▶ Assignment: Each entry that follows is to be copied exactly, minus any pictures.

Text-to-region grounding data:

+--

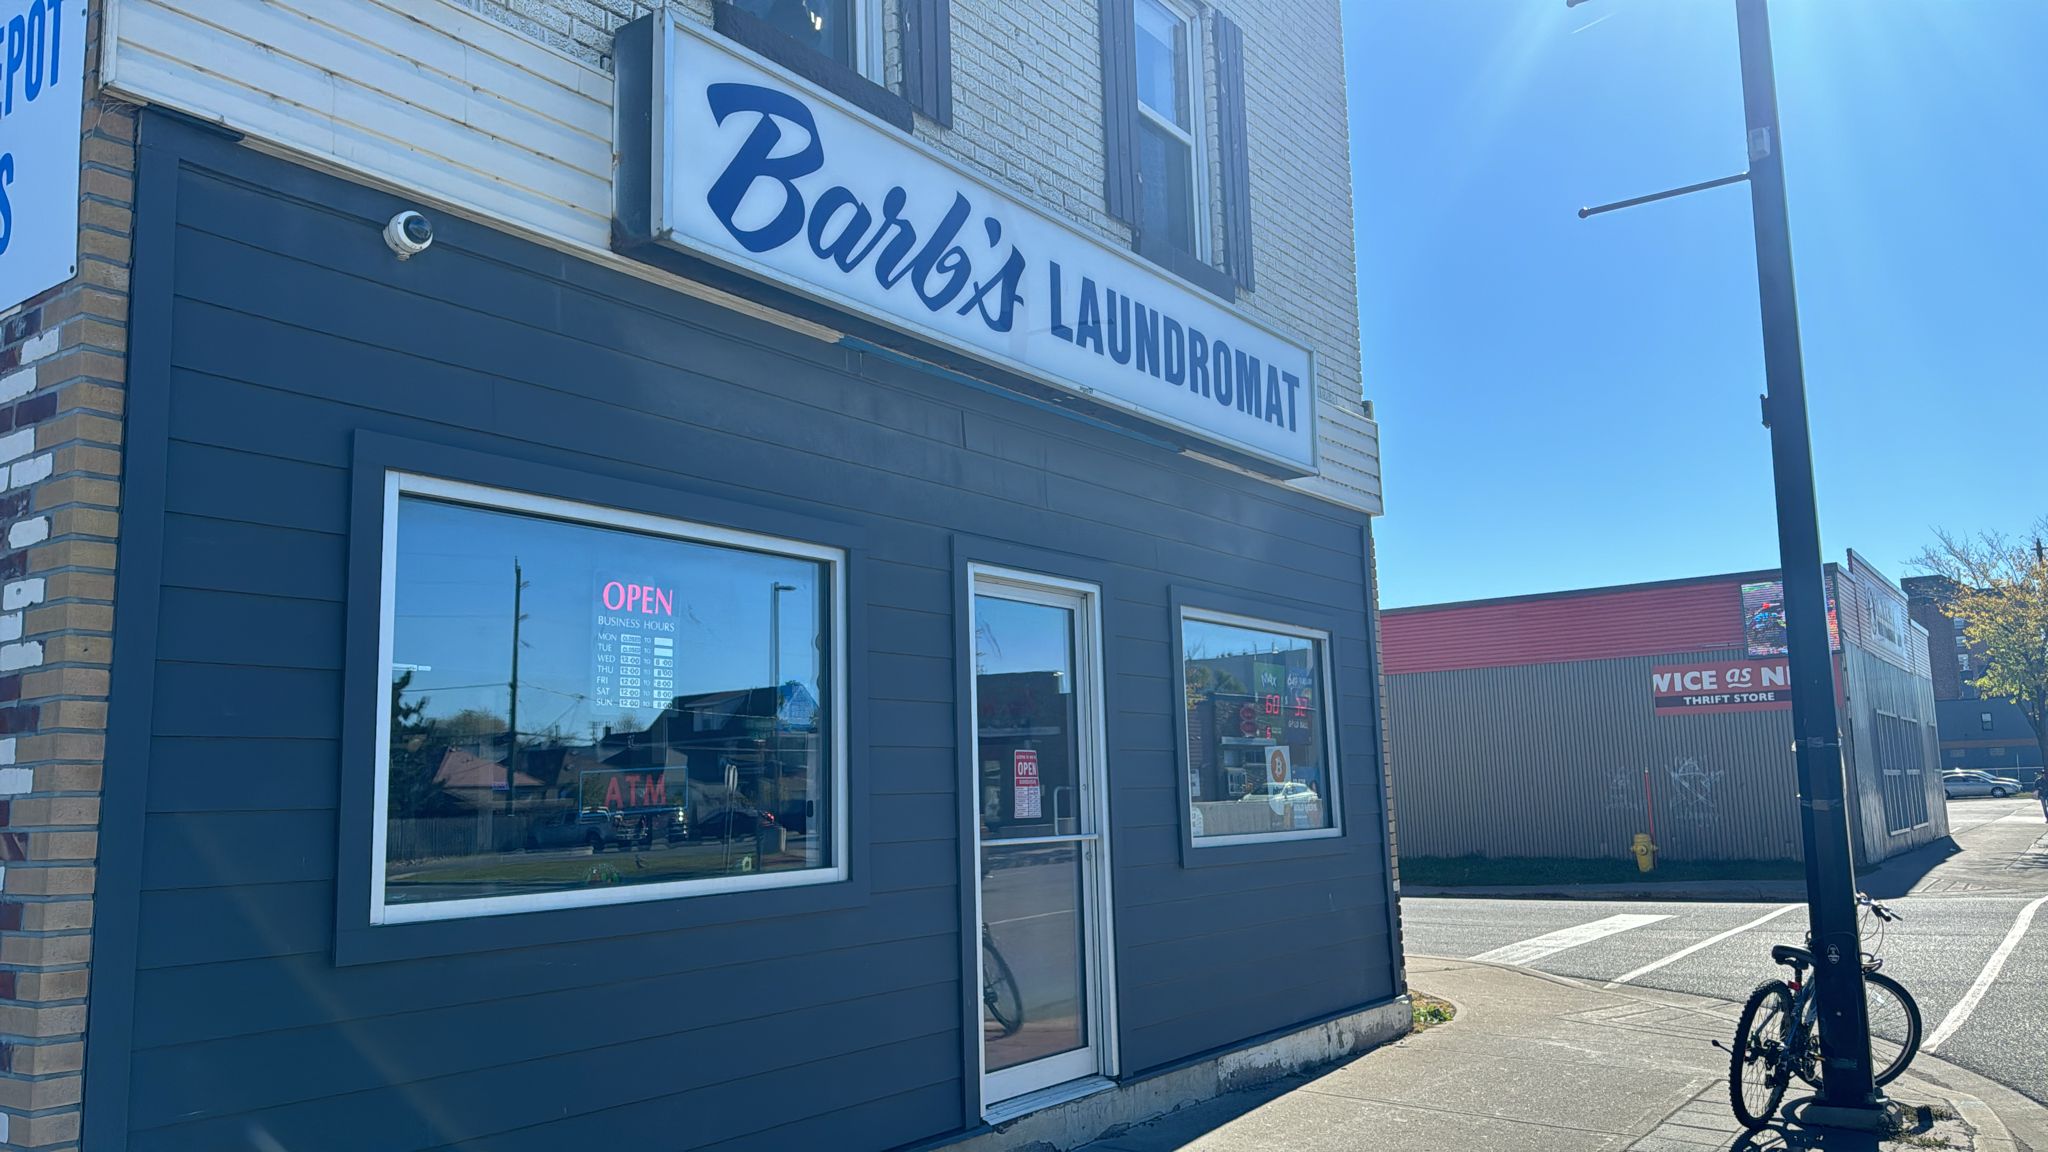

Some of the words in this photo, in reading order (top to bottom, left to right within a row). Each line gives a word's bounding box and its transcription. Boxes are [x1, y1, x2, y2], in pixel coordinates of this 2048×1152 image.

[0, 0, 64, 120] POT
[706, 82, 1025, 333] Barb's
[1049, 260, 1299, 433] LAUNDROMAT
[602, 581, 673, 616] OPEN
[598, 615, 640, 629] BUSINESS
[644, 621, 674, 632] HOURS
[597, 632, 617, 641] MON
[598, 643, 612, 652] TUE
[597, 655, 615, 663] WED
[598, 665, 614, 674] THU
[1725, 667, 1753, 683] as
[596, 676, 608, 684] FRI
[596, 687, 610, 695] SAT
[596, 698, 613, 706] SUN
[1683, 694, 1730, 705] THRIFT
[1734, 692, 1775, 703] STORE
[1018, 761, 1037, 776] OPEN
[603, 773, 667, 810] ATM

+--

▶ Reply:
Some of the words in this photo, in reading order (top to bottom, left to right within a row). Each line gives a word's bounding box and its transcription. Boxes are [x1, y1, x2, y2], in pixel coordinates of this 2048×1152 image.

[0, 0, 64, 120] POT
[706, 82, 1025, 333] Barb's
[1049, 260, 1299, 433] LAUNDROMAT
[602, 581, 673, 616] OPEN
[598, 615, 640, 629] BUSINESS
[644, 621, 674, 632] HOURS
[597, 632, 617, 641] MON
[598, 643, 612, 652] TUE
[597, 655, 615, 663] WED
[598, 665, 614, 674] THU
[1725, 667, 1753, 683] as
[596, 676, 608, 684] FRI
[596, 687, 610, 695] SAT
[596, 698, 613, 706] SUN
[1683, 694, 1730, 705] THRIFT
[1734, 692, 1775, 703] STORE
[1018, 761, 1037, 776] OPEN
[603, 773, 667, 810] ATM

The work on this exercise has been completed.